-------- ENTRIES SHOWN

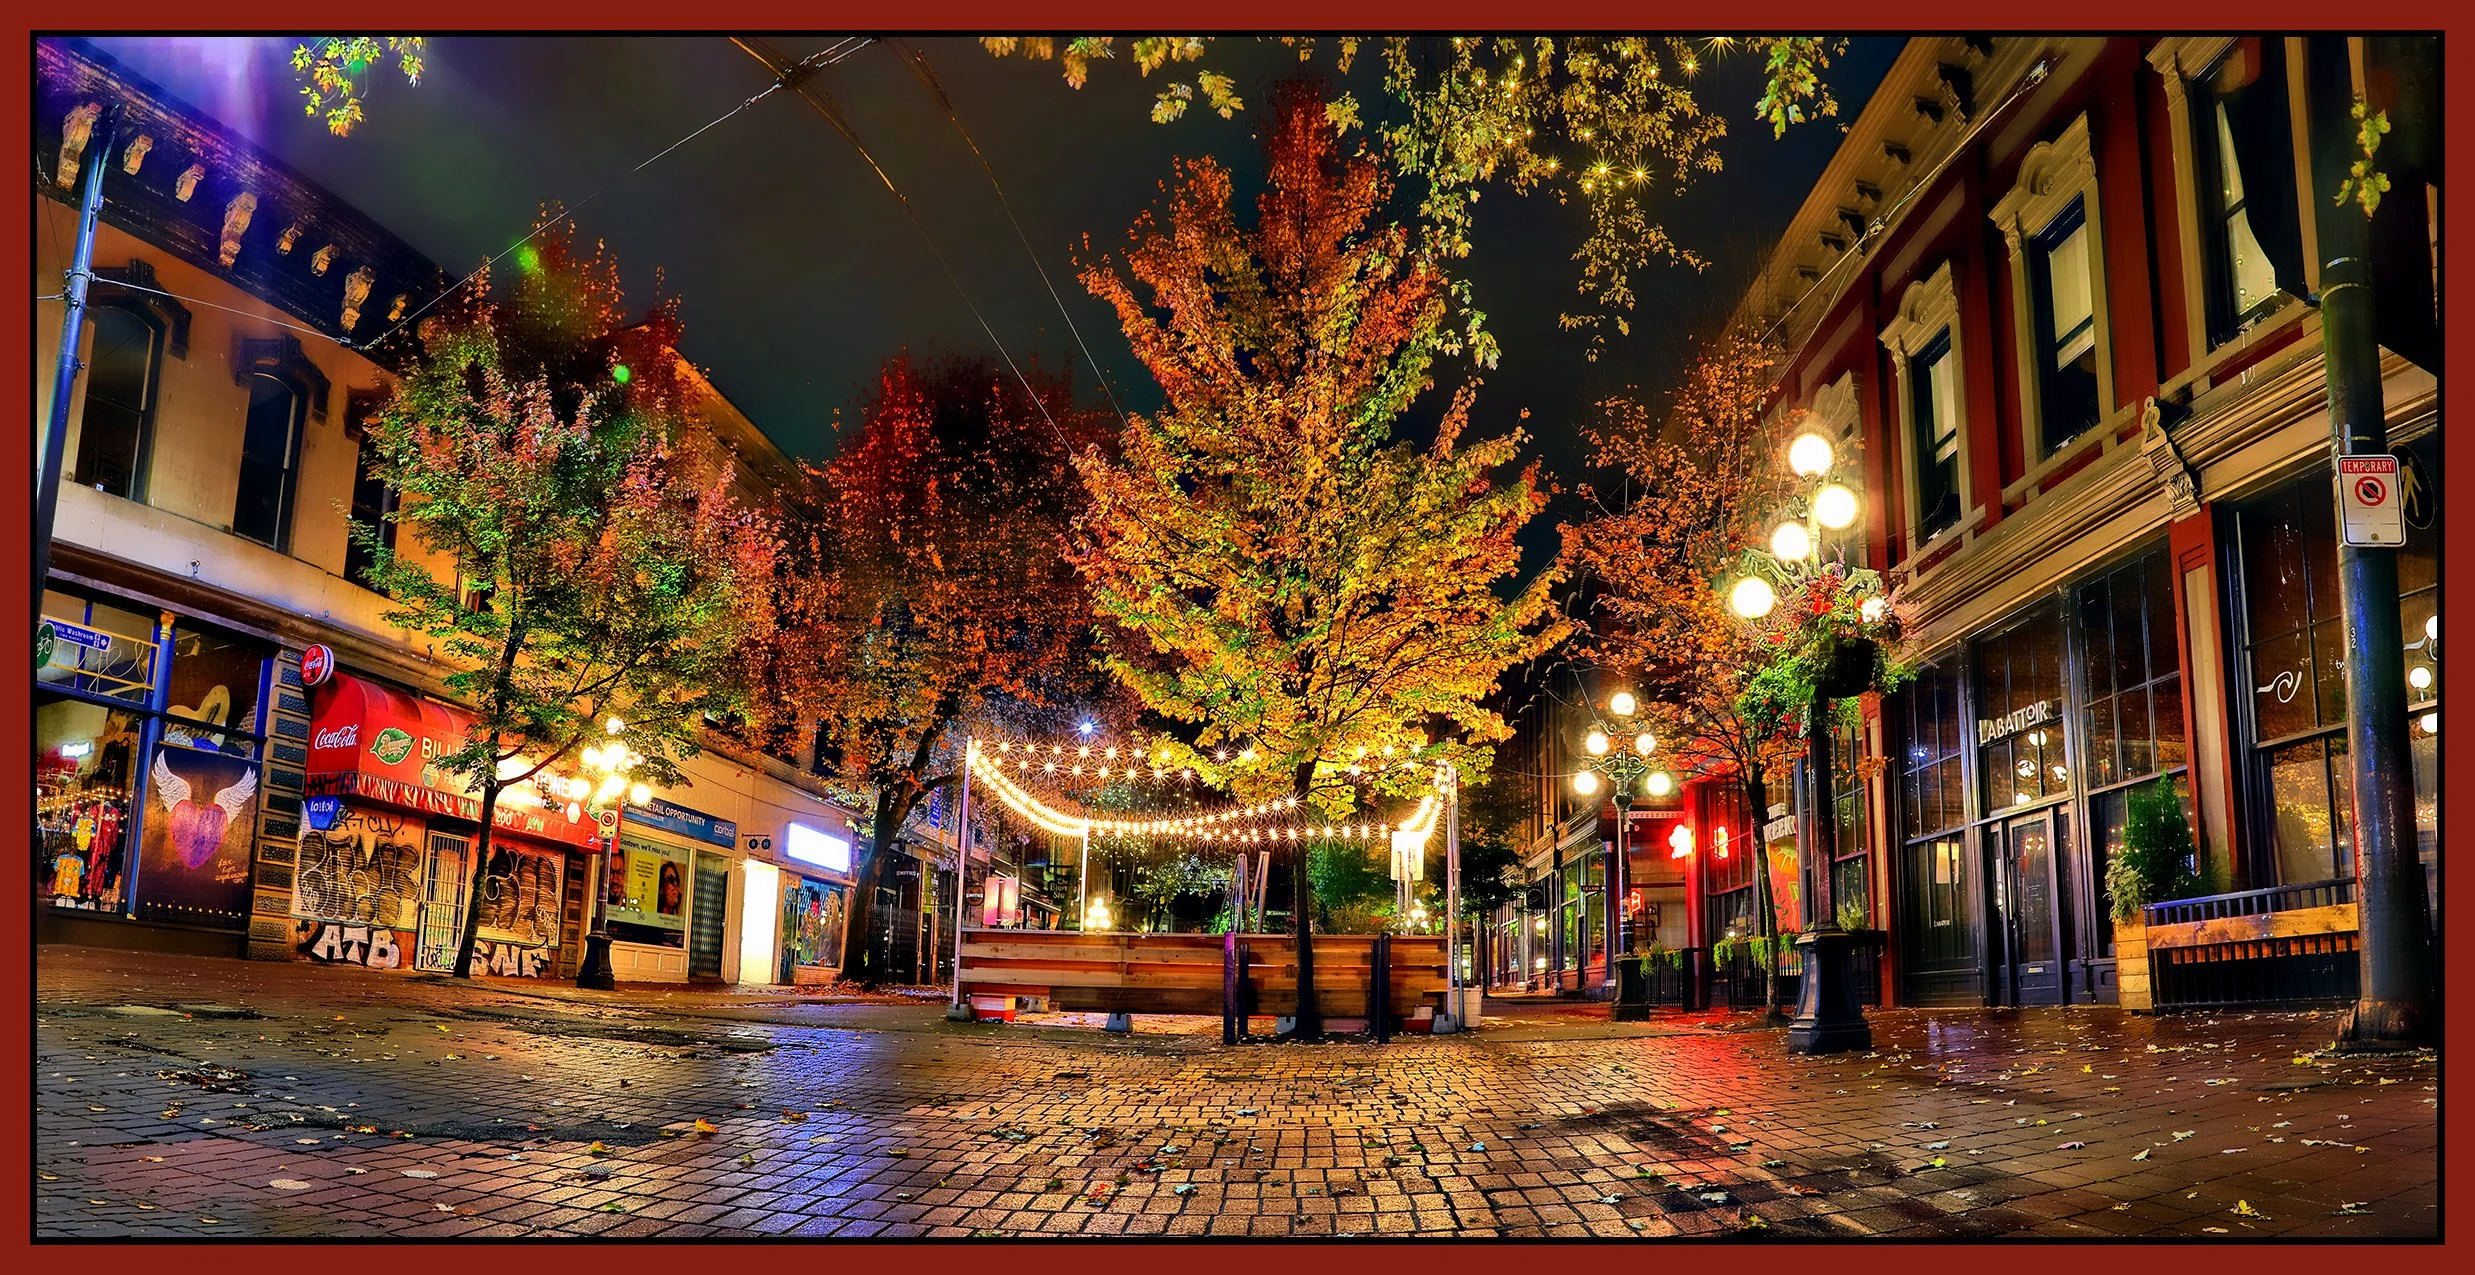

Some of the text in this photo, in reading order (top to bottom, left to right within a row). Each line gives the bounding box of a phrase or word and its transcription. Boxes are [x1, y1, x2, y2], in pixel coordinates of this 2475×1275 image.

[2342, 461, 2393, 472] TEMPORARY
[67, 627, 94, 640] Washroom
[2350, 628, 2357, 649] 32
[1979, 700, 2049, 744] L'ABATTOIR
[665, 807, 706, 827] OPPORTUNITY
[620, 838, 640, 850] Gastown,
[641, 844, 652, 852] we'll
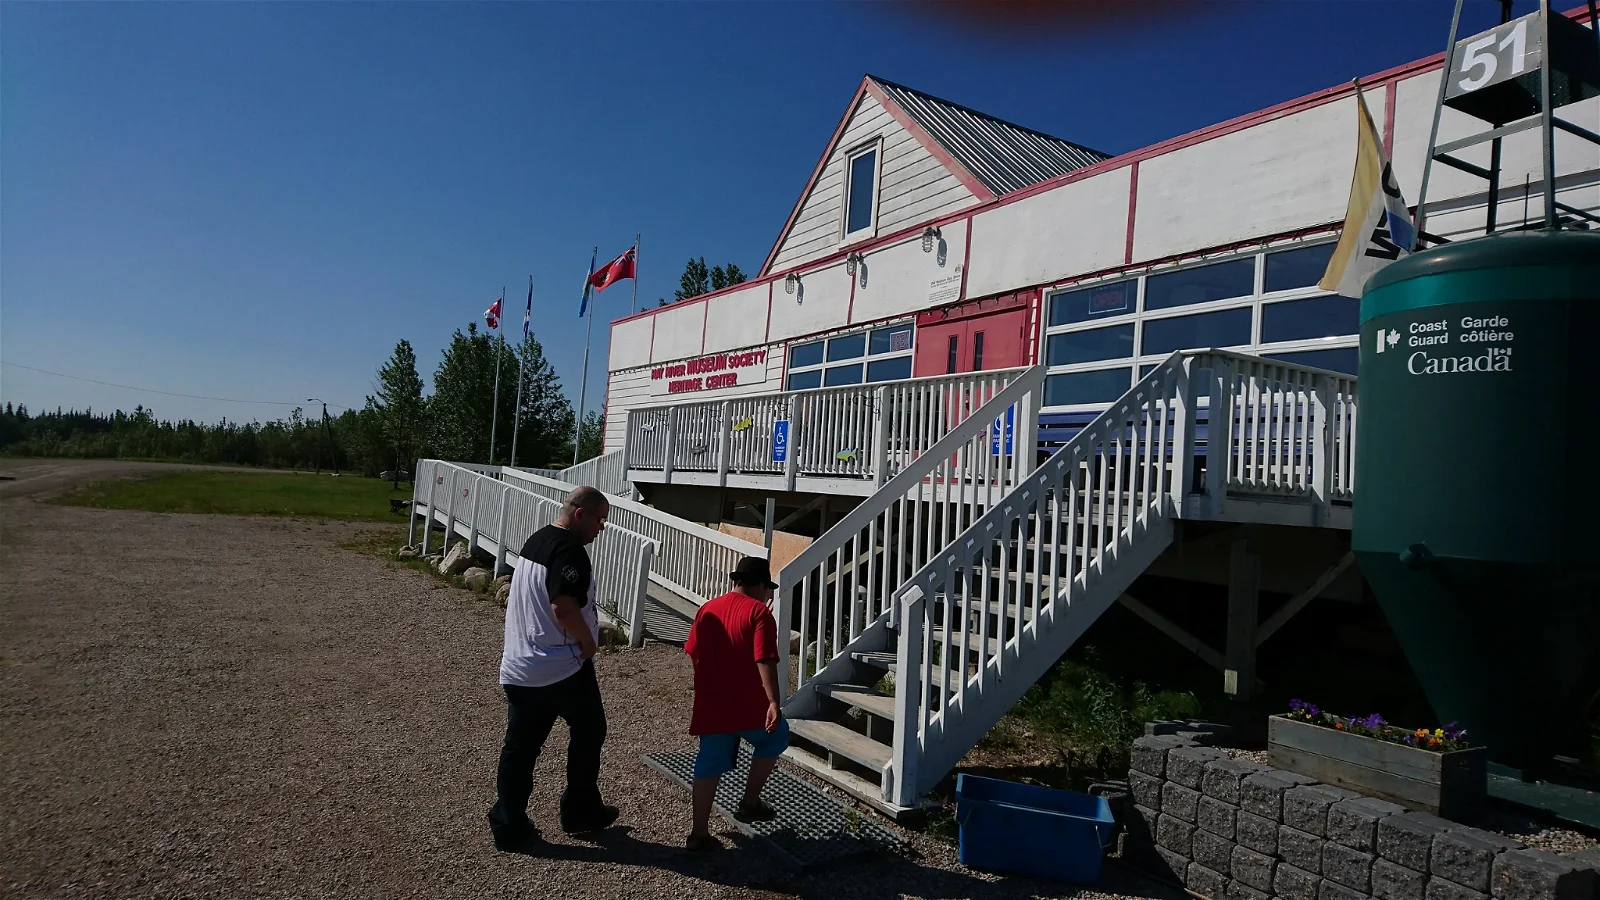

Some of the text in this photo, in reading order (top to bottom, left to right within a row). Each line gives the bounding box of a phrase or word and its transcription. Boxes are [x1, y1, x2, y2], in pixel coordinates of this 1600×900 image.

[1459, 19, 1527, 91] 51
[1409, 320, 1448, 334] Coast
[1461, 315, 1509, 329] Garde
[1408, 333, 1449, 347] Guard
[1459, 330, 1515, 343] côtière
[665, 364, 686, 379] RIVER
[687, 353, 728, 376] MUSEUM
[728, 350, 766, 369] SOCIETY
[1407, 347, 1513, 375] Canada
[668, 372, 738, 393] HERITAGE CENTER
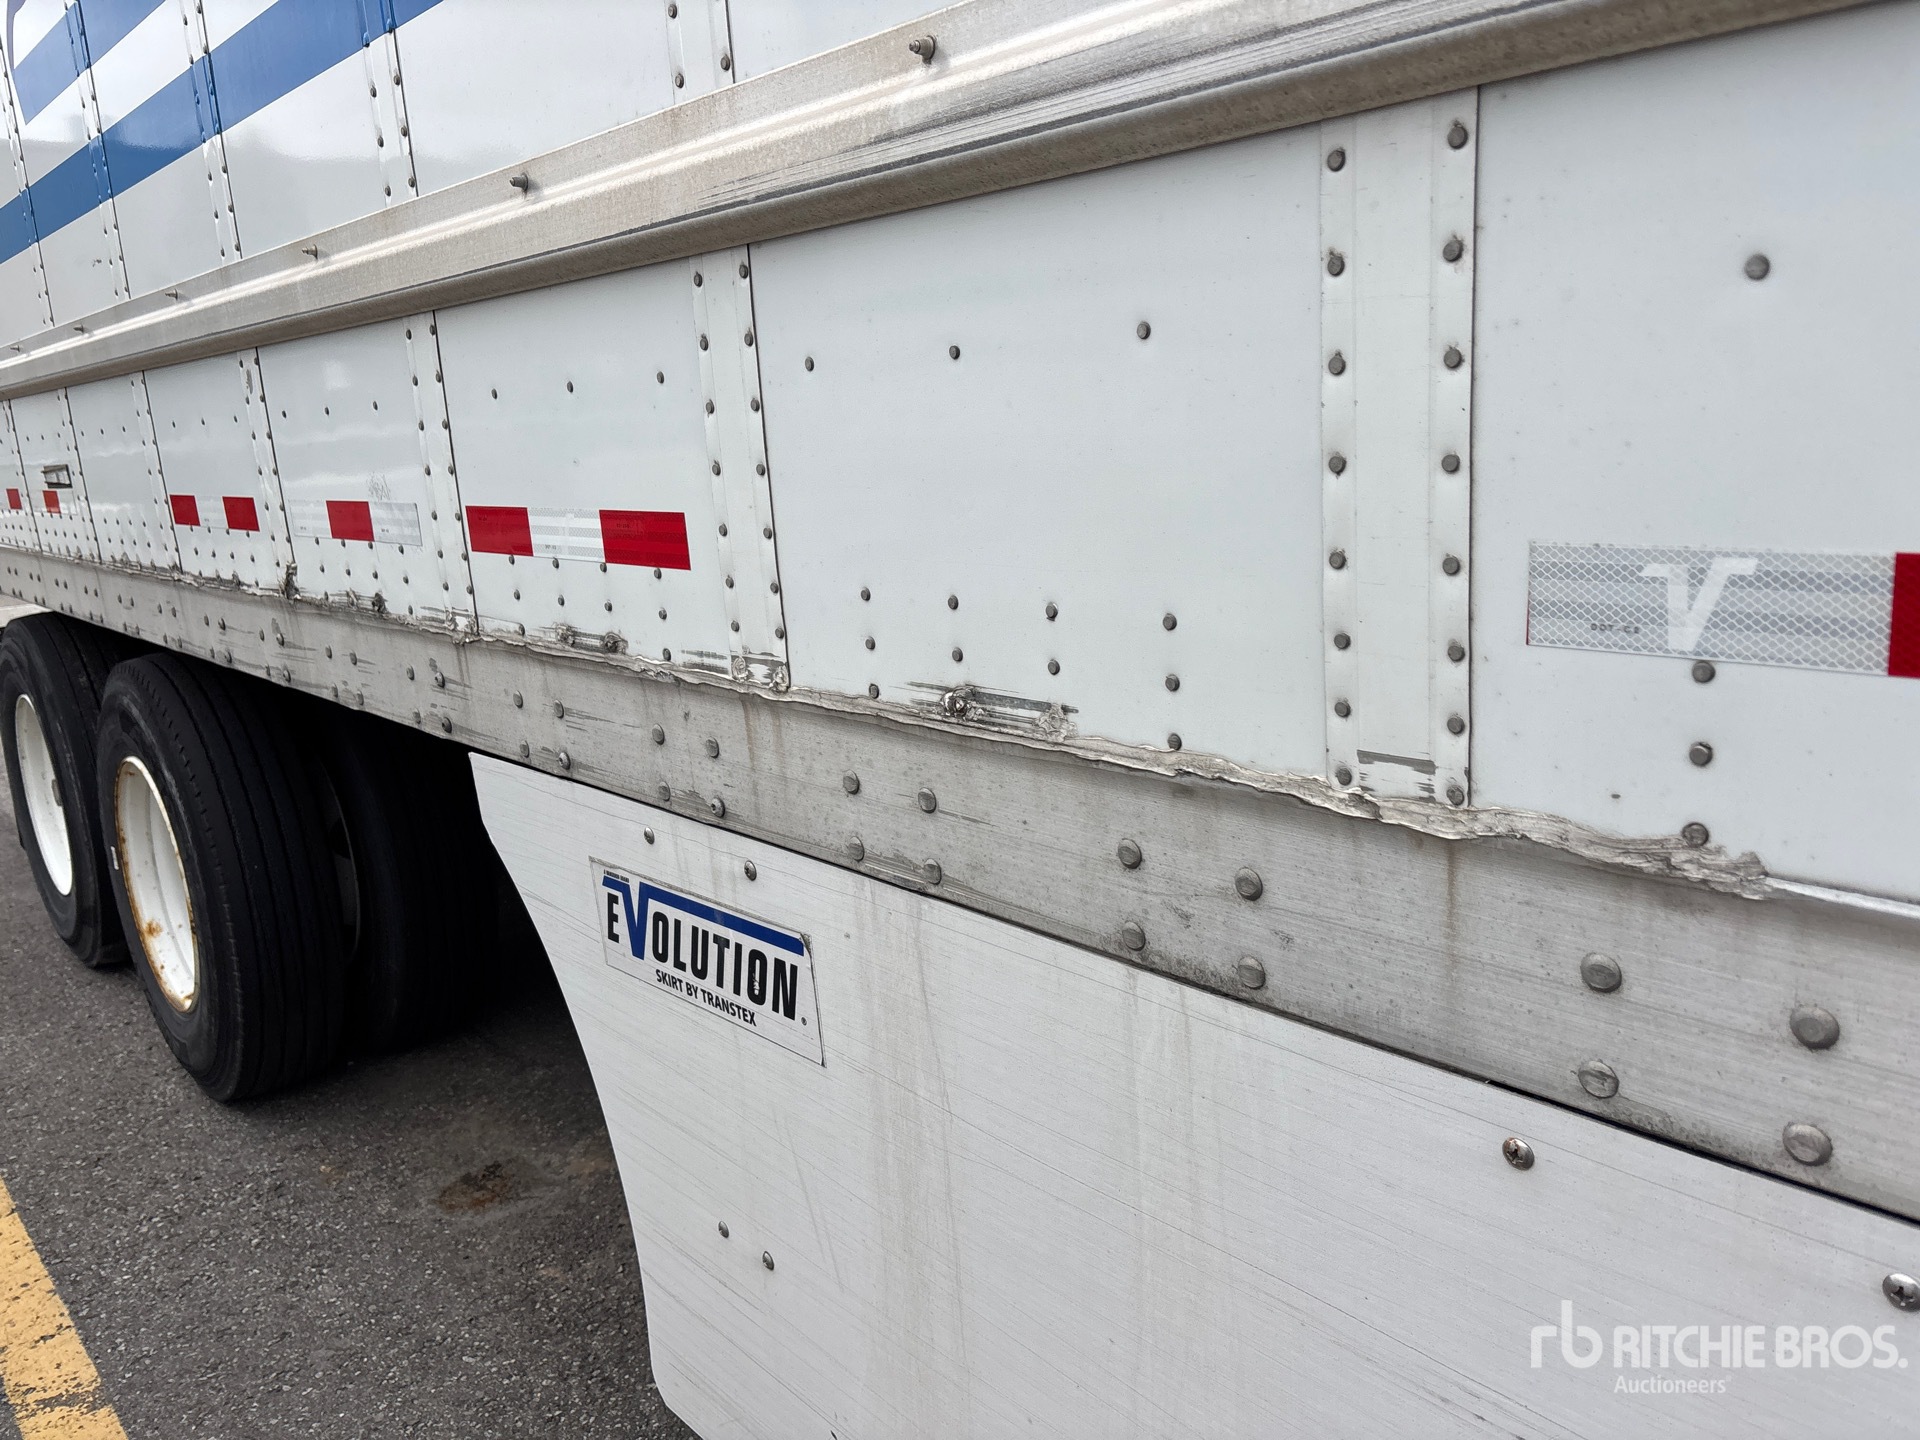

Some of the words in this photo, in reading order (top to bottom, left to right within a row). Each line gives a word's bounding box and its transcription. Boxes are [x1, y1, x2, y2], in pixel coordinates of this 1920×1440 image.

----------------

In the answer, the data should reappear exactly, with no pictures.

OUTPUT FOR THIS TASK
Some of the text in this photo, in reading order (top to bottom, left to right within a row). Each line gives the bounding box of a phrase or word and its transcription. Boxes are [x1, y1, x2, y2], in pixel coordinates of this 2475×1275 image.

[2342, 461, 2393, 472] TEMPORARY
[67, 627, 94, 640] Washroom
[2350, 628, 2357, 649] 32
[1979, 700, 2049, 744] L'ABATTOIR
[665, 807, 706, 827] OPPORTUNITY
[620, 838, 640, 850] Gastown,
[641, 844, 652, 852] we'll

Some of the text in this photo, in reading order (top to bottom, left to right within a row). Each line gives the bounding box of a phrase or word and its transcription. Boxes are [x1, y1, x2, y2], in pixel coordinates of this 1600×900 image.

[1459, 19, 1527, 91] 51
[1409, 320, 1448, 334] Coast
[1461, 315, 1509, 329] Garde
[1408, 333, 1449, 347] Guard
[1459, 330, 1515, 343] côtière
[665, 364, 686, 379] RIVER
[687, 353, 728, 376] MUSEUM
[728, 350, 766, 369] SOCIETY
[1407, 347, 1513, 375] Canada
[668, 372, 738, 393] HERITAGE CENTER

Some of the words in this photo, in reading order (top to bottom, left to right within a row). Each line gives a word's bounding box and its transcription. Boxes are [x1, y1, x2, y2], in pixel coordinates of this 1920×1440 image.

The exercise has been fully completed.